When the host committee for the Democratic National Convention held in Philadelphia last year donated $1.2 million in excess funds to charities, it held a press conference. But there wasn't nearly as much fanfare when the committee distributed nearly $1 million in bonuses to former staffers, volunteers, and interns.

In fact, when reporters before the convention asked the committee to disclose its fund-raising and spending, it resisted until disclosure was required by Federal Election Commission rules, which was 60 days after the convention. The committee shouldn't have waited that long. Now, the DNC and committee chairman Ed Rendell find themselves in an avoidable controversy.

From the convention's planning stages, Rendell said, he told workers he was underpaying them and that if the committee raised enough money there would be more for them – like deferred compensation.

It came as a surprise, however, when staff writer Claudia Vargas reported last week that the checks ranged from a few hundred dollars for interns to more than $300,000 to host committee executive director Kevin Washo.

The revelation prompted Gov. Wolf to call for an audit, saying he was "disappointed" that the surplus funds were not given to taxpayers, who gave the convention a $10 million grant. Actually, the bonuses came from funds other than the grant, which has been audited. But Wolf's reaction mirrors what many people were thinking.
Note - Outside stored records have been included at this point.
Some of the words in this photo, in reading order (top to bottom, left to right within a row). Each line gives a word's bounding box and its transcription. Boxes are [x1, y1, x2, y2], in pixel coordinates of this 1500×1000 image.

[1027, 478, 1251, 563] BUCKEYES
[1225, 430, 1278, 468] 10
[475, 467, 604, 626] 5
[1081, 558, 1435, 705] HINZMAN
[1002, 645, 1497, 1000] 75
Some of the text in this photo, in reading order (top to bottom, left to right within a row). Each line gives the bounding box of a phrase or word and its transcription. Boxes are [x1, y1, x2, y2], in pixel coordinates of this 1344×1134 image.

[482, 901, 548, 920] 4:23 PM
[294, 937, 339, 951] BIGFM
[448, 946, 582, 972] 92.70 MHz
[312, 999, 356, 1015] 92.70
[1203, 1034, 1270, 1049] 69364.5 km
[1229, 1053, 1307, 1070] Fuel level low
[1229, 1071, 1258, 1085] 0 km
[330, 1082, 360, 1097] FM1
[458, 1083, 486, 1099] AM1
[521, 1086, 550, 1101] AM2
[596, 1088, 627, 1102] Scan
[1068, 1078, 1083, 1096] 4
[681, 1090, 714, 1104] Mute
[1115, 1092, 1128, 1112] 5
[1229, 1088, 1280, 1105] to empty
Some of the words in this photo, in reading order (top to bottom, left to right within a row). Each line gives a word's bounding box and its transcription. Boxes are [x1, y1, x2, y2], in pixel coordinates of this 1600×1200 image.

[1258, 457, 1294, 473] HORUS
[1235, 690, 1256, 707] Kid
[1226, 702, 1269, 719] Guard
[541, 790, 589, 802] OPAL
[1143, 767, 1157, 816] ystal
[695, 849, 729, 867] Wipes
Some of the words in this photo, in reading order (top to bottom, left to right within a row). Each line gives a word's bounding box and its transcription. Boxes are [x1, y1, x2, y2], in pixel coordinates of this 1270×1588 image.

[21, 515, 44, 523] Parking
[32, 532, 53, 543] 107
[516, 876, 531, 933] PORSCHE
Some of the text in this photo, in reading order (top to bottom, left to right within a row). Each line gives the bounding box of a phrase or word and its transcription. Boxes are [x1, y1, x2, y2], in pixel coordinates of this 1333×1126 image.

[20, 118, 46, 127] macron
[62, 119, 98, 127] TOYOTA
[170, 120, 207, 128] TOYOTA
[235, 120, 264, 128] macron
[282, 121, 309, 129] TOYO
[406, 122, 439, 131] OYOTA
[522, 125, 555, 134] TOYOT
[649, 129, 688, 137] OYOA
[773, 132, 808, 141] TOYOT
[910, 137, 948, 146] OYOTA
The 2016 convention clearly was a success for the Democrats, Philadelphia, and the region in terms of money generated and the good publicity that the city garnered. Philadelphia's stellar performance, like what occurred with the NFL draft, paid off big.

Rendell says criticism of the bonuses is another example of Philadelphia being uncomfortable with success. "When we're successful, we eat our young," the former governor said. But a good way to minimize the discomfort he cited is through straightforward communication and transparency that keeps the public from feeling like someone has pulled a fast one on them.

Rendell says he's fine with an audit of all funds. So, let the spread sheets start flying. And in the future, event planners relying on taxpayer support should disclose as much as possible as early as possible.